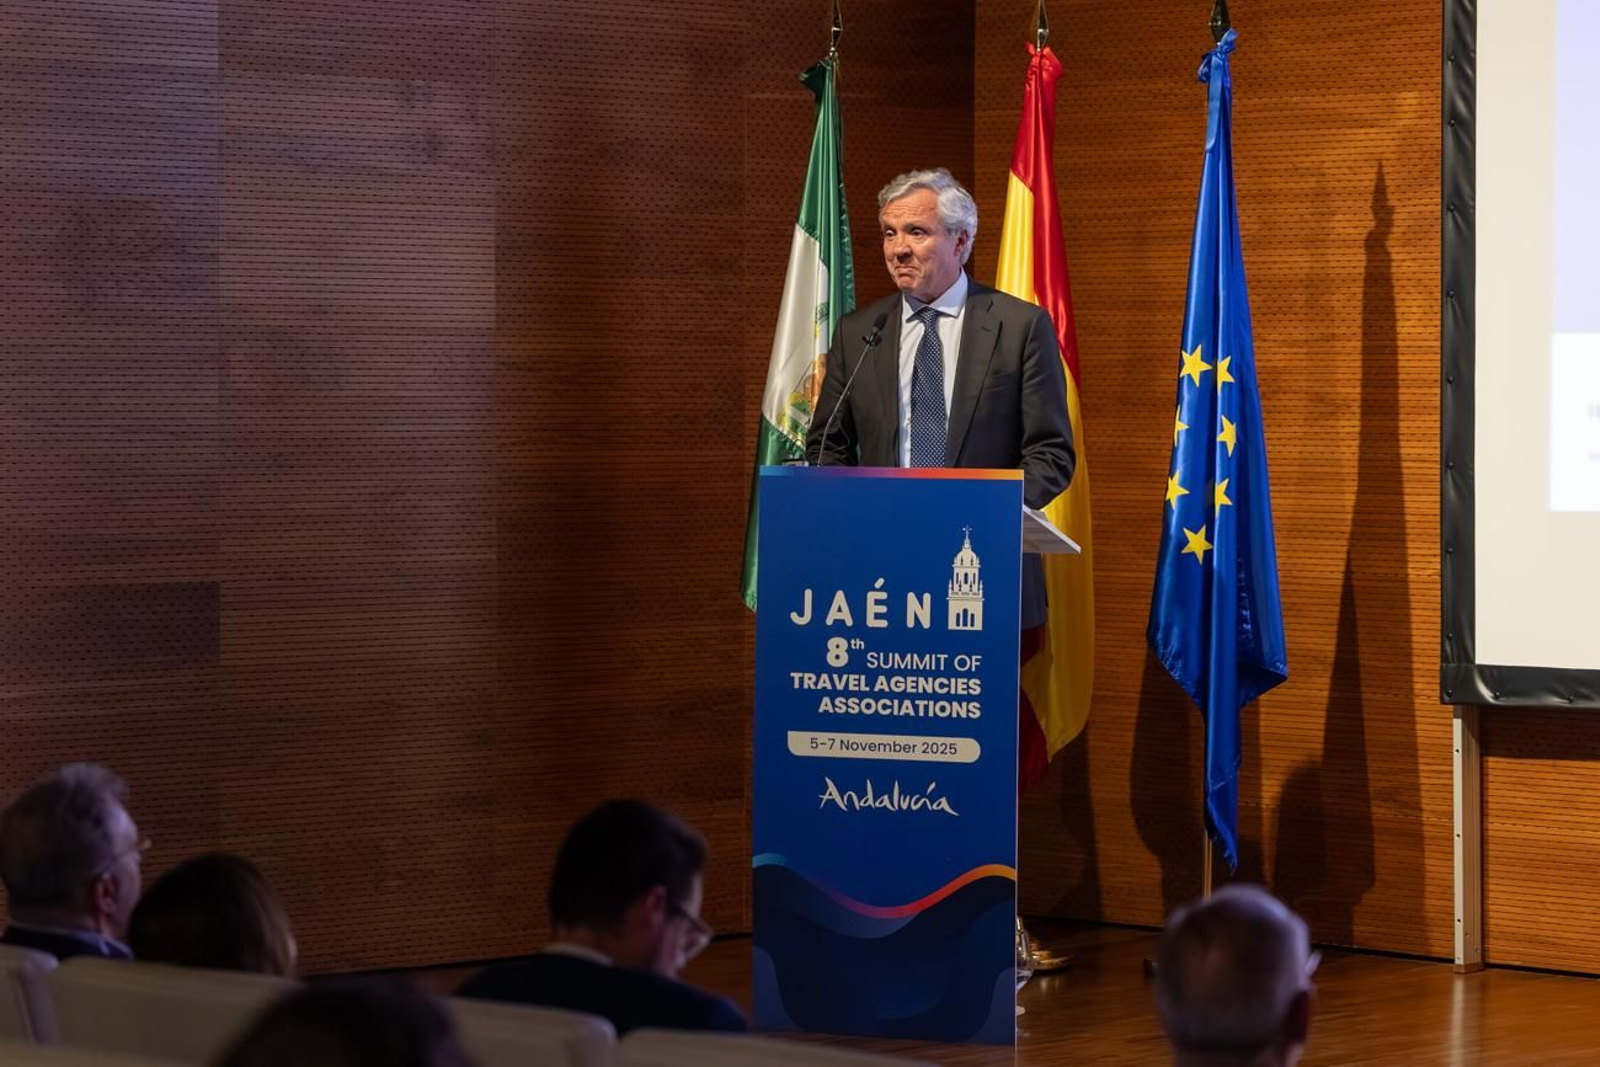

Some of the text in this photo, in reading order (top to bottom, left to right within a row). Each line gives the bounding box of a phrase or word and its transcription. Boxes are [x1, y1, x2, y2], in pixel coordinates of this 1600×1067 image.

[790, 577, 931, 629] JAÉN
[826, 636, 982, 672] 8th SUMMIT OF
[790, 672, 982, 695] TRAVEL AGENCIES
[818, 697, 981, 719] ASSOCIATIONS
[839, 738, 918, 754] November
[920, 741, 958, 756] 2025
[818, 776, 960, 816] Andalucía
# # # # #
_TASK OBJECTIVE:_ The whole listing above, minus its pictures, is what you should write out word for word.

_YOUR SOLUTION:_
Some of the text in this photo, in reading order (top to bottom, left to right within a row). Each line gives the bounding box of a phrase or word and its transcription. Boxes are [x1, y1, x2, y2], in pixel coordinates of this 1600×1067 image.

[790, 577, 931, 629] JAÉN
[826, 636, 982, 672] 8th SUMMIT OF
[790, 672, 982, 695] TRAVEL AGENCIES
[818, 697, 981, 719] ASSOCIATIONS
[839, 738, 918, 754] November
[920, 741, 958, 756] 2025
[818, 776, 960, 816] Andalucía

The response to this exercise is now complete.